[[ DATA FOR ANALYSIS open ]]

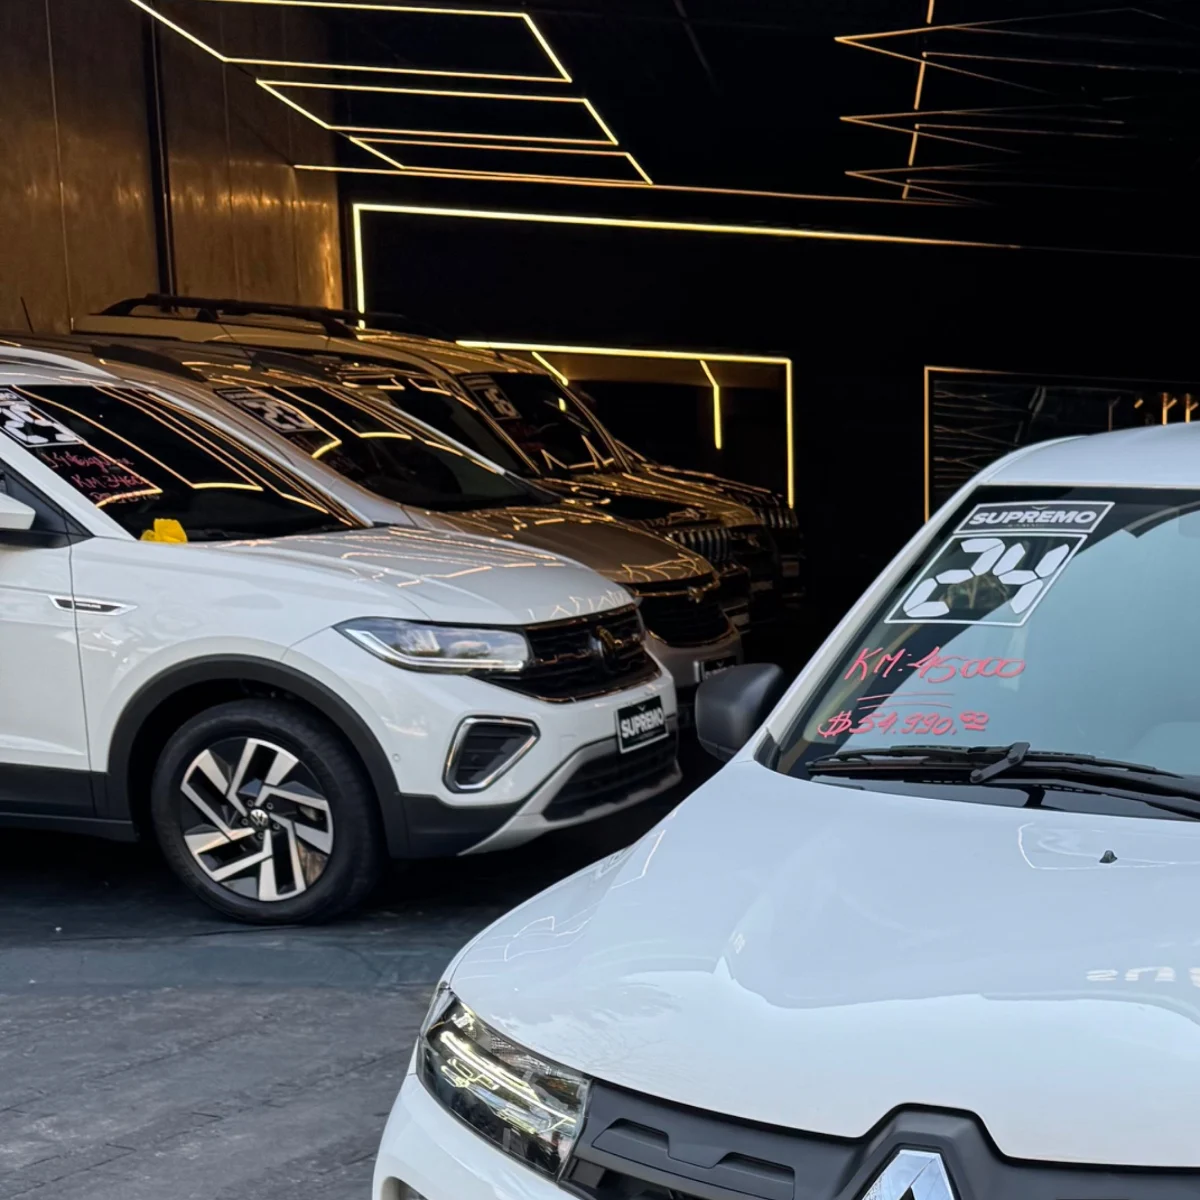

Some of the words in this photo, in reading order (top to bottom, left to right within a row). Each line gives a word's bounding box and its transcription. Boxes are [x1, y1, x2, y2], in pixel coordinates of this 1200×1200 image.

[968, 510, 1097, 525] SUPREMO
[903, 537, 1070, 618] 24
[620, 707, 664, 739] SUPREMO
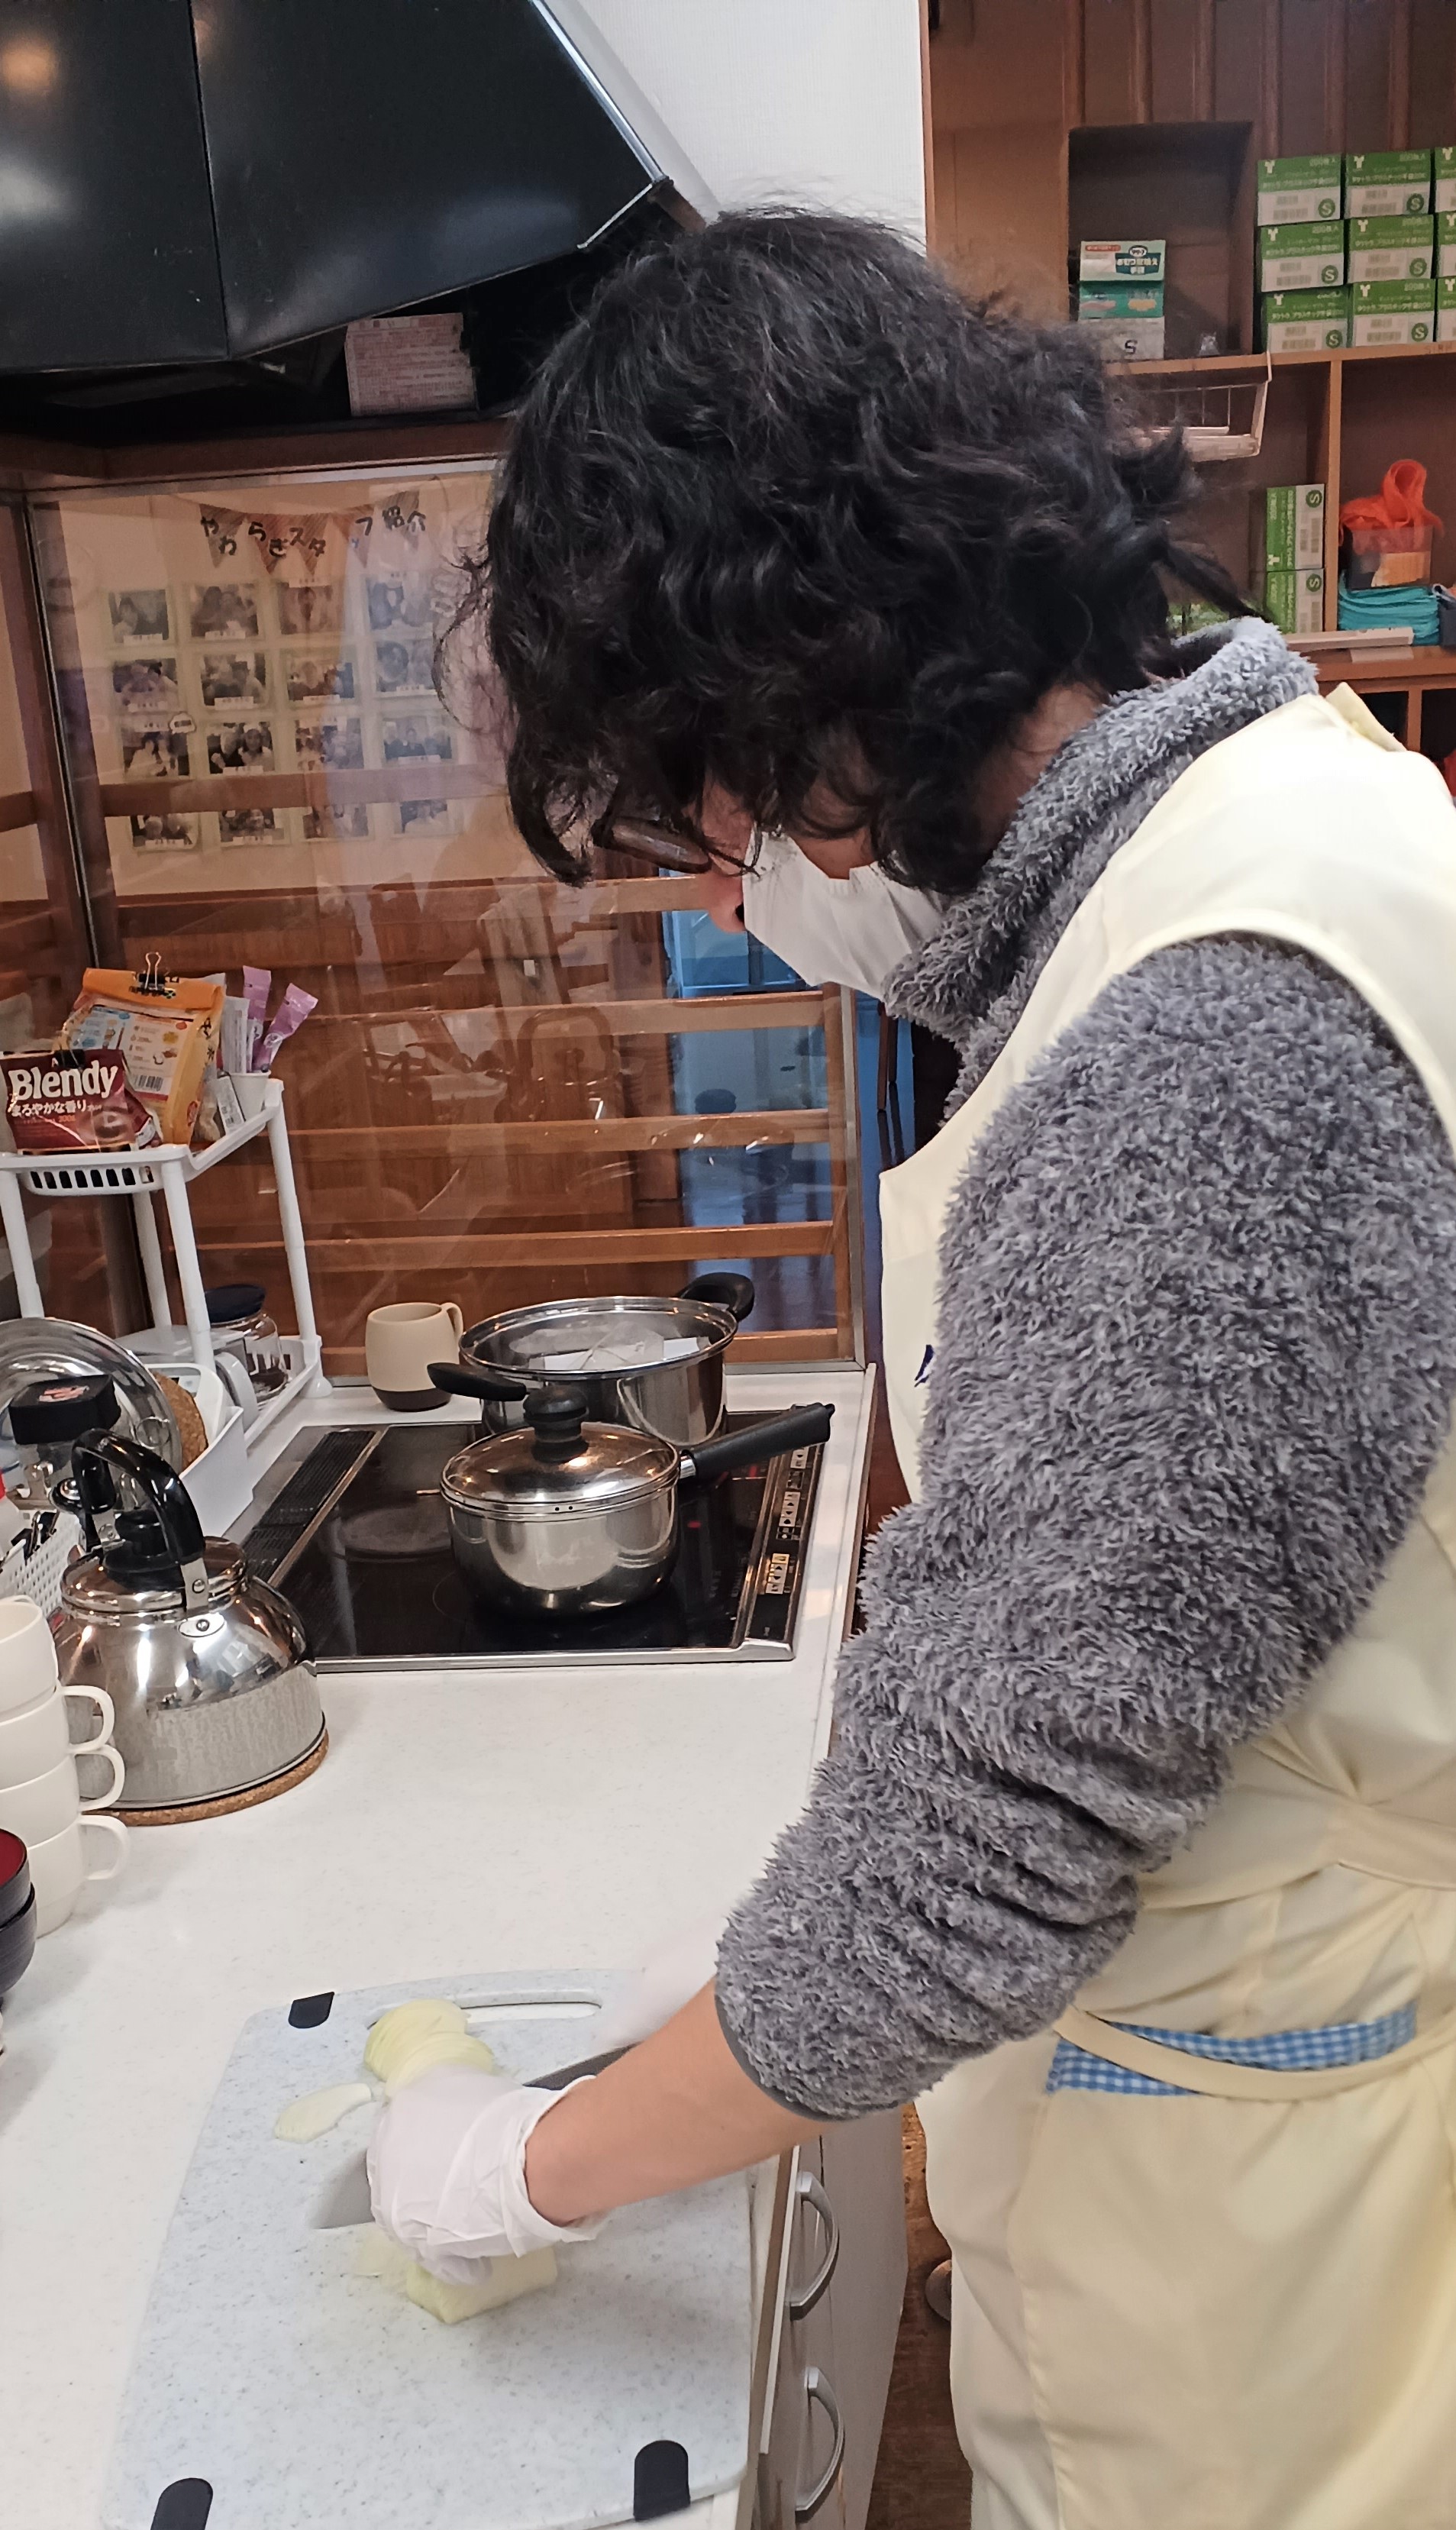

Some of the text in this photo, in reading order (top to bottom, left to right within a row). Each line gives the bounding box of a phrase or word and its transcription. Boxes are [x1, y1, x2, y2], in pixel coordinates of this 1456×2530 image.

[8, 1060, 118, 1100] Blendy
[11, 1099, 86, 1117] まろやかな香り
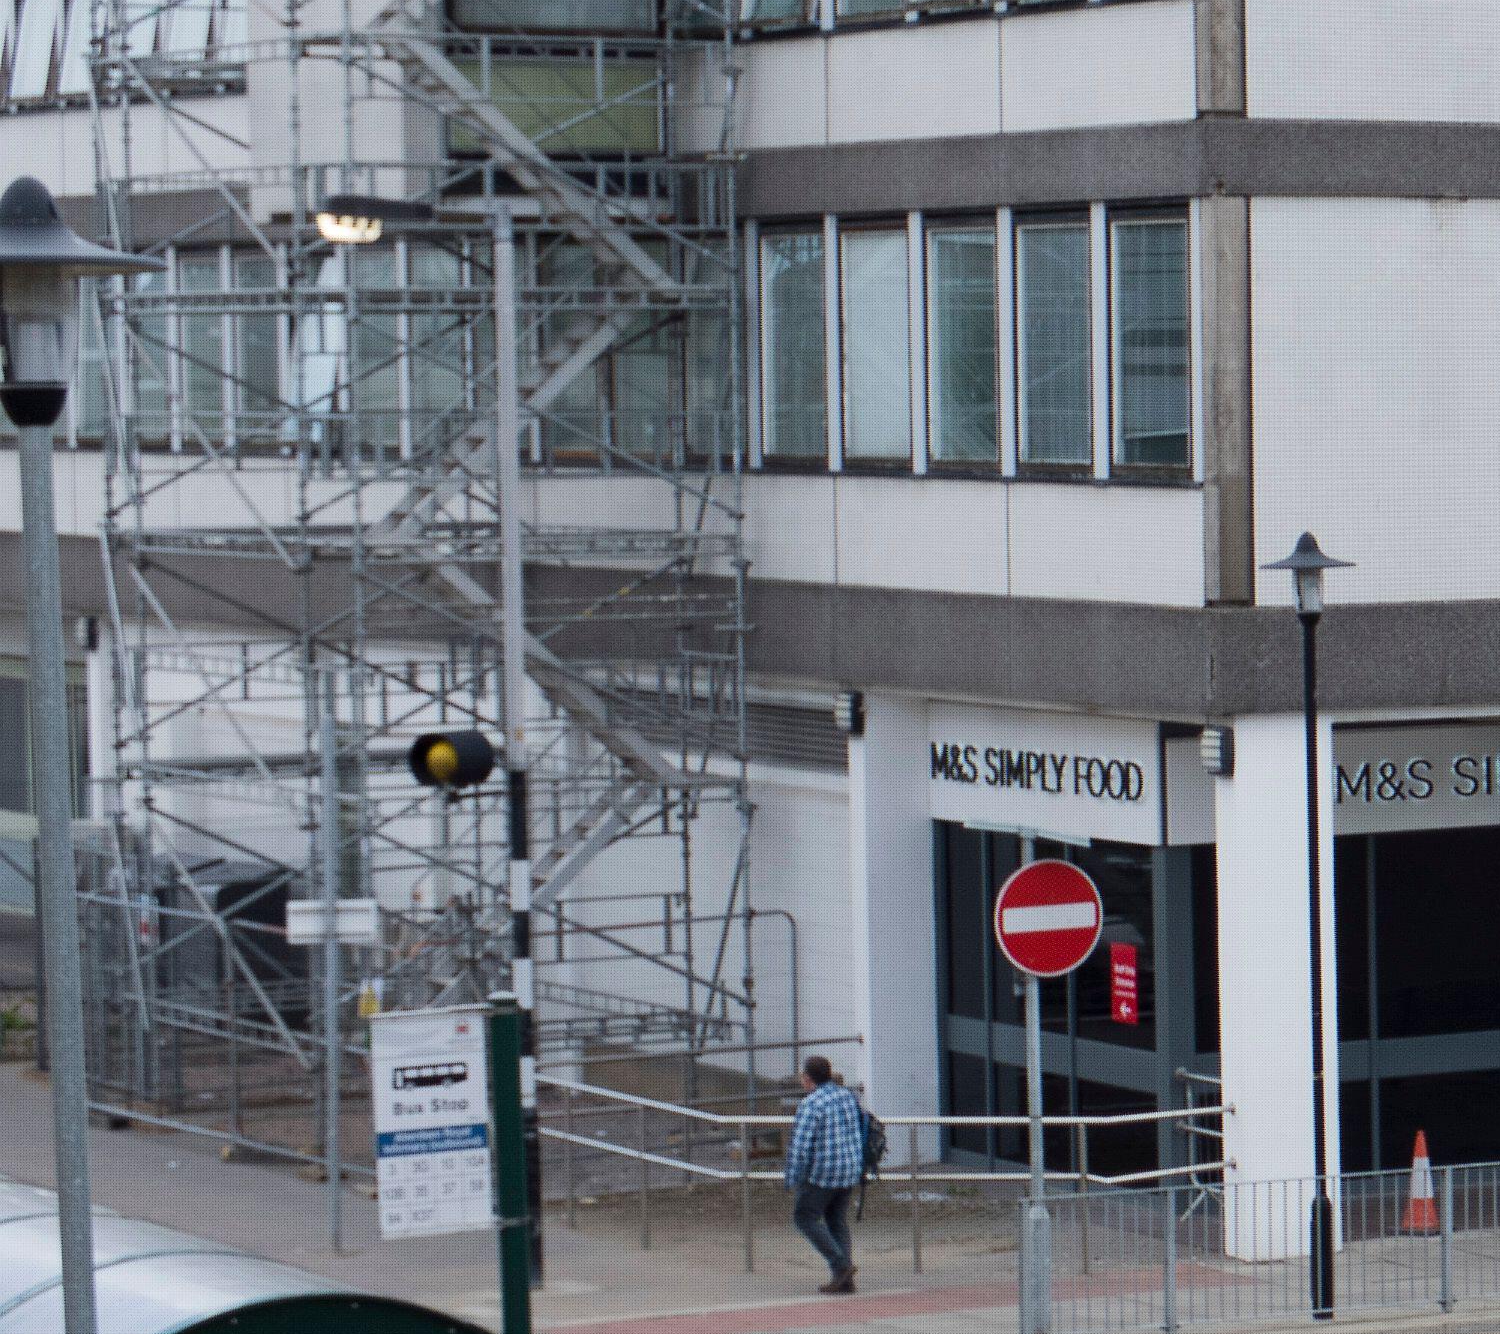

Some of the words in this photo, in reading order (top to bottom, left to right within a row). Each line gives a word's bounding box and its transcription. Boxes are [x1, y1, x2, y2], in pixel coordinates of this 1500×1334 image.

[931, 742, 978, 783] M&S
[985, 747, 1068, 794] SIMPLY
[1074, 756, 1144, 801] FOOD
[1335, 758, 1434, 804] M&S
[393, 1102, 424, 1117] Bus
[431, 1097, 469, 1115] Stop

[[ DATA FOR ANALYSIS closed ]]

WHAT TO WORK ON.
From the first line to the last, write out the data exactly, omitting any pictures.

TASK ANSWER.
Some of the words in this photo, in reading order (top to bottom, left to right within a row). Each line gives a word's bounding box and its transcription. Boxes are [x1, y1, x2, y2], in pixel coordinates of this 1200×1200 image.

[968, 510, 1097, 525] SUPREMO
[903, 537, 1070, 618] 24
[620, 707, 664, 739] SUPREMO

Some of the text in this photo, in reading order (top to bottom, left to right within a row). Each line gives the bounding box of a phrase or word and its transcription. Boxes are [x1, y1, x2, y2], in pixel coordinates of this 1456×2530 image.

[8, 1060, 118, 1100] Blendy
[11, 1099, 86, 1117] まろやかな香り

Some of the words in this photo, in reading order (top to bottom, left to right within a row). Each line gives a word's bounding box and its transcription. Boxes are [x1, y1, x2, y2], in pixel coordinates of this 1500×1334 image.

[931, 742, 978, 783] M&S
[985, 747, 1068, 794] SIMPLY
[1074, 756, 1144, 801] FOOD
[1335, 758, 1434, 804] M&S
[393, 1102, 424, 1117] Bus
[431, 1097, 469, 1115] Stop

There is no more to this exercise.